Cora pidió que la arrimaran al muelle casi inexistente, y se bajó, aferrándose a los parantes de la desvencijada plataforma.
- Llegué. Dios mío, llegué.
Apenas pisó tierra firme, cayó de rodillas, llorando. Sólo ella sabía la odisea que había vivido. Escaparse de aquella cueva, de aquel infierno, fue algo increíble. El descuido que le permitió salir a la calle, manchada, temblorosa, algo providencial. Y cómo pudo robar aquel sobretodo, de una tienda, sin que la detuvieran, cómo pudo hacerse de unos pesos de la Caja, cómo tuvo el valor de tomar un colectivo, todo el viaje. Cómo llegó al refugio. Y ahora, al fin, encontraría a Juan. Ahora, al fin, le contaría su captura, su tortura, las cosas que había dicho en aquel infierno. Y huirían juntos, cuanto antes. Porque entre las cosas que había dicho estaba este lugar, este refugio.
Se puso de pie, tambaleante. Caminó entre los yuyos, la maleza que hacía aparecer el lugar totalmente abandonado.  Hasta el rancho.

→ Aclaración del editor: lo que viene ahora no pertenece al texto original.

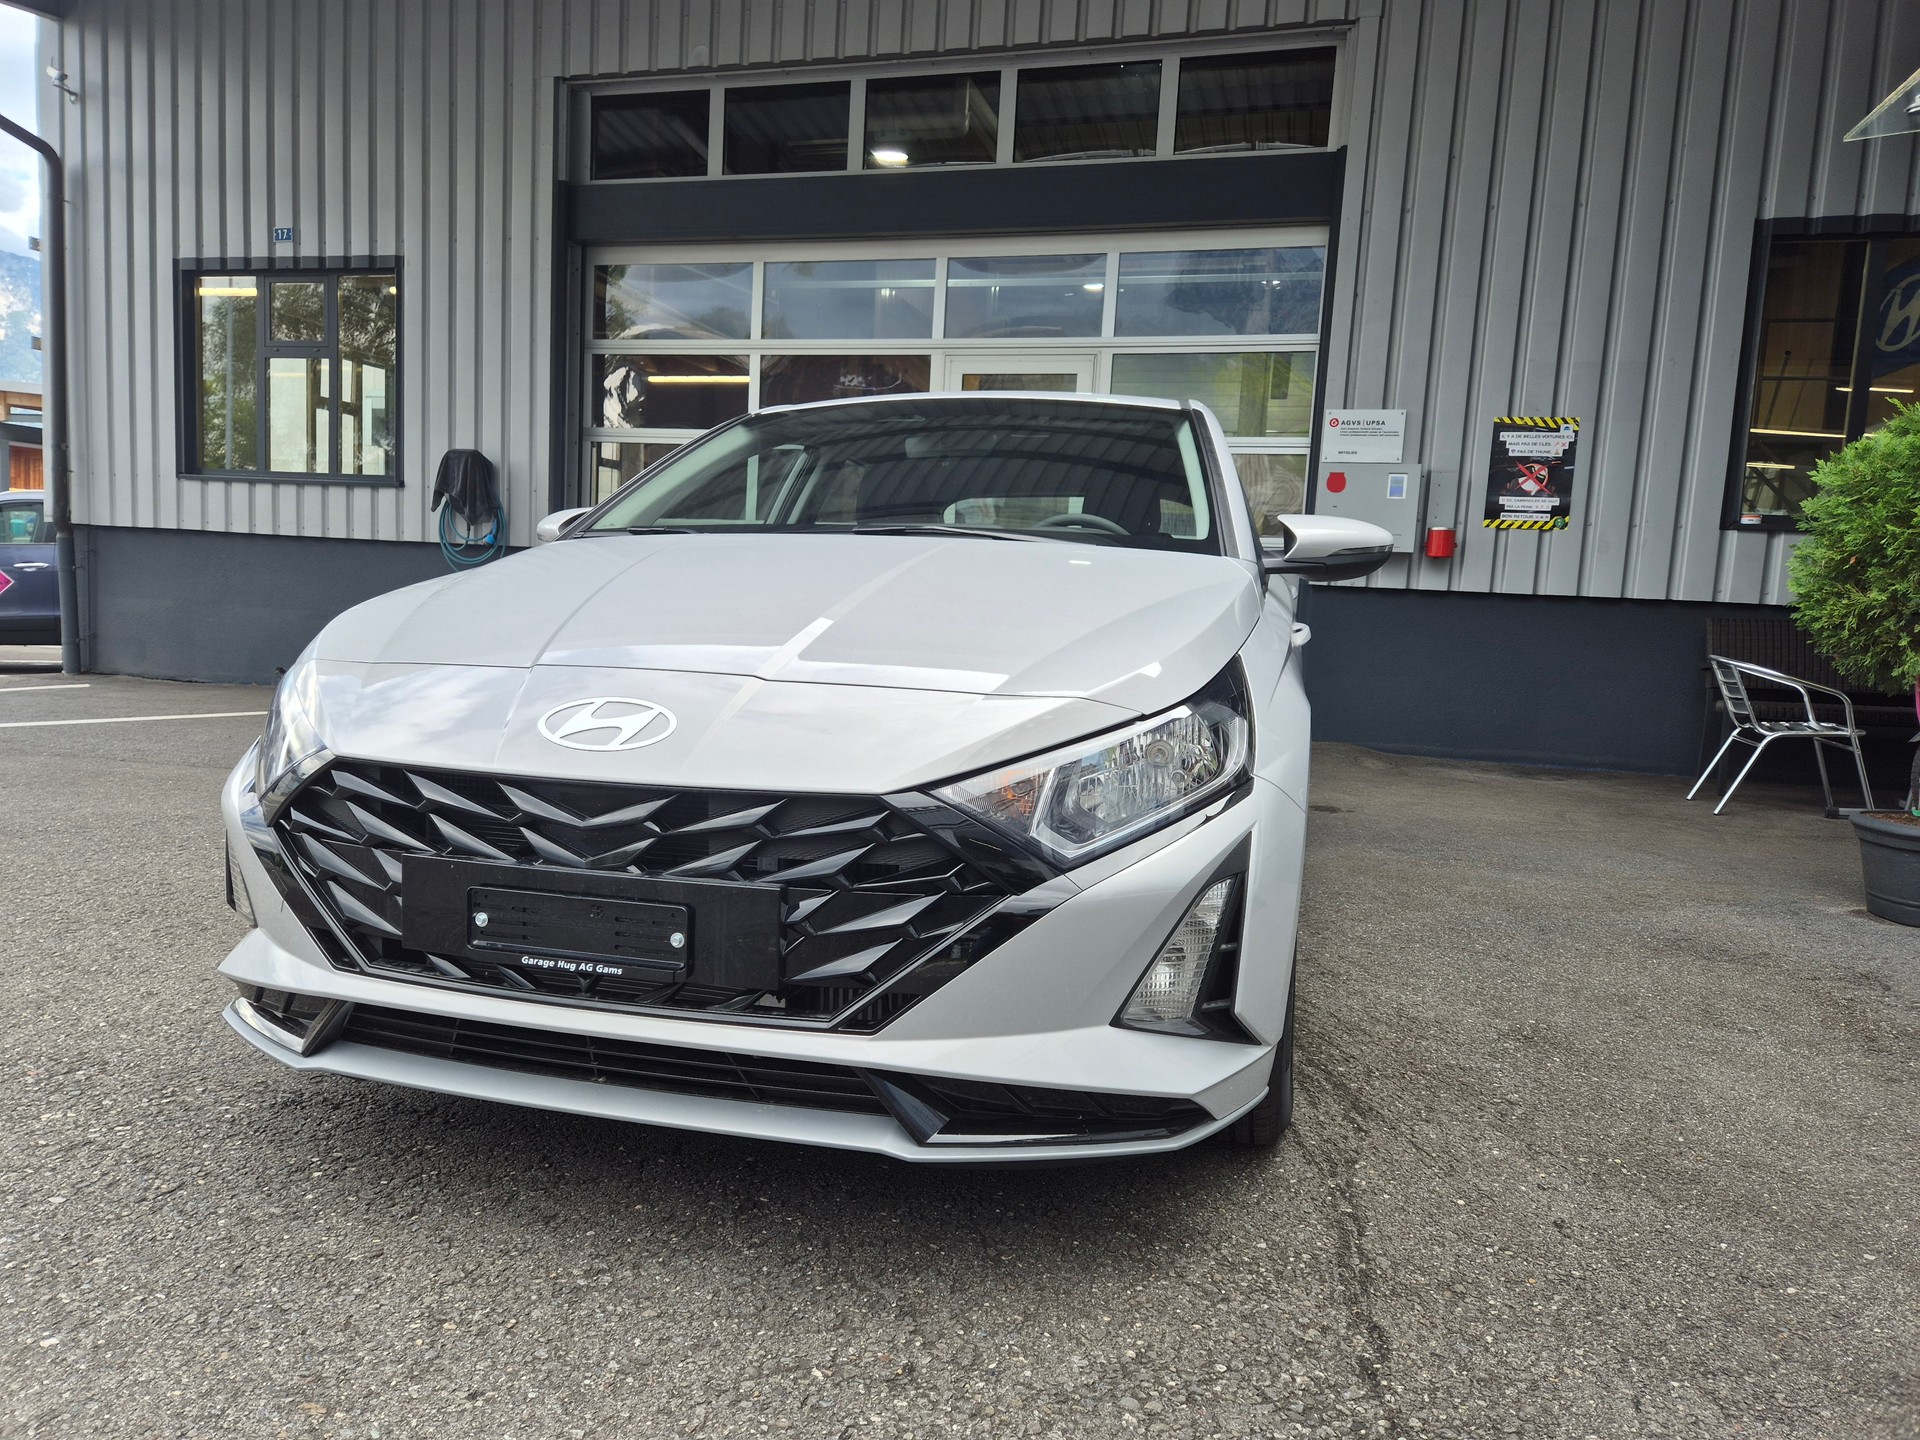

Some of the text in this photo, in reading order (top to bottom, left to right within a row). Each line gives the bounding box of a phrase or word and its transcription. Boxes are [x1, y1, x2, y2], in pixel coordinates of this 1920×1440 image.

Y vio el pañuelo, atado a la rama baja del sauce, pequeño, imperceptible, si uno no sabía dónde mirar.
Contuvo el impulso de correr, los últimos metros. Una sensación de angustia, de terror, de desolación, de desamparo.
Juan se había ido. Ese pañuelo era la señal convenida. ¿Se habría ido… lo habían llevado…?
Dio media vuelta, tratando de mantener el equilibrio. La lancha de la Prefectura, tan rápido. Aquel bote que se quedó sin nafta… Tal vez. Tal vez…
Le dieron el alto cuando casi se perdía en los pajonales.